A new MacBook Pro isn’t all that cheap. One of the new Retina-equipped models will cost you at least $1,300, and that’s just for the entry-level model. However, you don’t necessarily need to buy new, as a used model can be much less expensive and still perform admirably depending on the tasks you plan to do.
Apple lowered the price of the MacBook Air to just $899 for the entry-level model, which might be the first step that the company is taking to have cheaper entry-level MacBooks available for purchase. Until then, users having to find creative ways to spend as little as possible on a new or used MacBook.
With that said, here are a few methods you can try out in order to score a MacBook Pro for much less than what you would pay for a brand-new model.
Apple Refurbished Store
The first place we’d recommend checking for a cheaper MacBook Pro is Apple’s Refurbished Store, where you can get used models directly from Apple for several hundreds of dollars off.
Inventory is always changing, but currently you can grab a 2012 Retina-equipped MacBook Pro for as low as $1,059 for a 2.5GHz dual-core Intel Core i5 processor, 8GB of RAM and 128GB of flash storage, which is $440 less than what you would’ve paid for it if it was brand new.

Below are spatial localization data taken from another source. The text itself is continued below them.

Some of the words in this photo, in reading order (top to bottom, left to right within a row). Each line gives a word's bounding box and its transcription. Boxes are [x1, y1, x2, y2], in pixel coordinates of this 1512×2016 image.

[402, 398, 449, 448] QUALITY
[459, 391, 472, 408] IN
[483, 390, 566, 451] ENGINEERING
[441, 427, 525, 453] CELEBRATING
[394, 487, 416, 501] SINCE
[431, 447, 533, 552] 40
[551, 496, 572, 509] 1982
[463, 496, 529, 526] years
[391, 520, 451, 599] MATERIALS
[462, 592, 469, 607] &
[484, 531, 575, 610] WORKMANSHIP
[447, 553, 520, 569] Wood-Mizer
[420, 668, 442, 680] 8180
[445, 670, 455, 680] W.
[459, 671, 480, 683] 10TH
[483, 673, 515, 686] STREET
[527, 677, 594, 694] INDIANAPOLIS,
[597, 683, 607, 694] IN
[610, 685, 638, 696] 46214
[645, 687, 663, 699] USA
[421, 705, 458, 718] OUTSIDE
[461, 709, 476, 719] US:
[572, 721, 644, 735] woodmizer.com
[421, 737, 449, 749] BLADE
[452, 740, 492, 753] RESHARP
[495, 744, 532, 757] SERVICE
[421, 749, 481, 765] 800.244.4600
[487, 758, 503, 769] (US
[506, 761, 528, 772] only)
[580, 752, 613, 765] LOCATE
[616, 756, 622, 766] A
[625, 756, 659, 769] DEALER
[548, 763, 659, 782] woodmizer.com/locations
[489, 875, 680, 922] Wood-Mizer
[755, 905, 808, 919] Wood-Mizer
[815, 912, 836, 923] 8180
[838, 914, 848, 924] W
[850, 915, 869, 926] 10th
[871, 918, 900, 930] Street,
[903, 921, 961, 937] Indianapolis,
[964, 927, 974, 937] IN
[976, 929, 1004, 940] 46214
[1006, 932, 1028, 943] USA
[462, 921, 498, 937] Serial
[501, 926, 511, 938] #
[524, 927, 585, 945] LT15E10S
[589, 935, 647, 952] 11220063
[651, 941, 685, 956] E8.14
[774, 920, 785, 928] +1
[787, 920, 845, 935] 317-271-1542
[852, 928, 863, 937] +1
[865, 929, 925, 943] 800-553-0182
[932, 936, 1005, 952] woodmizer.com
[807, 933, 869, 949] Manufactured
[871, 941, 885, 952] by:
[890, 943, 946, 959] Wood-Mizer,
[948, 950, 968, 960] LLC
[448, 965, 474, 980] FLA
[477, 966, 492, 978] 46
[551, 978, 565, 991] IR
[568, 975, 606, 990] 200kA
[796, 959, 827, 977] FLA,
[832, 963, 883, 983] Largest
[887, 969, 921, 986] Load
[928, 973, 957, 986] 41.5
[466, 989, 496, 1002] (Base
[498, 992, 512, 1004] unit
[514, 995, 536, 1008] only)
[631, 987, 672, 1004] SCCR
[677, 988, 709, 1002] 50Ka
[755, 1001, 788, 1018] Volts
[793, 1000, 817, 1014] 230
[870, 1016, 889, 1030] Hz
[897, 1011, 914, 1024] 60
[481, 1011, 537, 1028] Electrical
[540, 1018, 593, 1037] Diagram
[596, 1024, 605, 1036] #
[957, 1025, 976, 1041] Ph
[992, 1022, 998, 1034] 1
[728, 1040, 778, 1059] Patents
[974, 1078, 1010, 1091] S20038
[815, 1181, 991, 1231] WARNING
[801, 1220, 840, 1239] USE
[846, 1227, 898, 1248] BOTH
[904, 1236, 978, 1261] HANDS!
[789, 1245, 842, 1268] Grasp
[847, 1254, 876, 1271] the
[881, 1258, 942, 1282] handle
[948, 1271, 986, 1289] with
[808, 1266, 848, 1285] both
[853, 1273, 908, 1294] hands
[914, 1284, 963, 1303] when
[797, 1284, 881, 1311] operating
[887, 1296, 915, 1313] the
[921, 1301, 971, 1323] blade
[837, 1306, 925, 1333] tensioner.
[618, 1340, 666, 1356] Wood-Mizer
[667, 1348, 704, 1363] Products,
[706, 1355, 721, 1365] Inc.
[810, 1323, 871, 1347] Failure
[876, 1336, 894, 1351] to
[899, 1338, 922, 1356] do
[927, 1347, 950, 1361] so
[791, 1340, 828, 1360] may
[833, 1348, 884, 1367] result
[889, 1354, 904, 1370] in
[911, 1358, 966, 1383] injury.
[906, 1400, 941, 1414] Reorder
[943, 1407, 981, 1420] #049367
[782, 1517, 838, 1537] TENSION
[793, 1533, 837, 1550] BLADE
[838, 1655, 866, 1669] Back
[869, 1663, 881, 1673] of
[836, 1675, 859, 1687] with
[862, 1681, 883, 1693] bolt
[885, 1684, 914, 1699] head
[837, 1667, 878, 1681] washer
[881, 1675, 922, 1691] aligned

Arguably, Apple offers some of the best refurbished products around. Most of the Apple products that I’ve bought over the years have been refurbished, including gifts to other people for Christmas or their birthday, and guess what? They never know the difference between refurbished and brand new.
That’s because when Apple receives a defective item, they fix what’s wrong with it, and then replace the battery with a brand new one, as well as replace the entire aluminum shell with a brand new one. This means that you’re pretty much getting a brand-new product from Apple at a decent discount.
Granted, the hardware at one point was defective in some way, but Apple fixes that, so you’re left with a fully functional, good-as-new device for less than what it costs if it were still new in the box.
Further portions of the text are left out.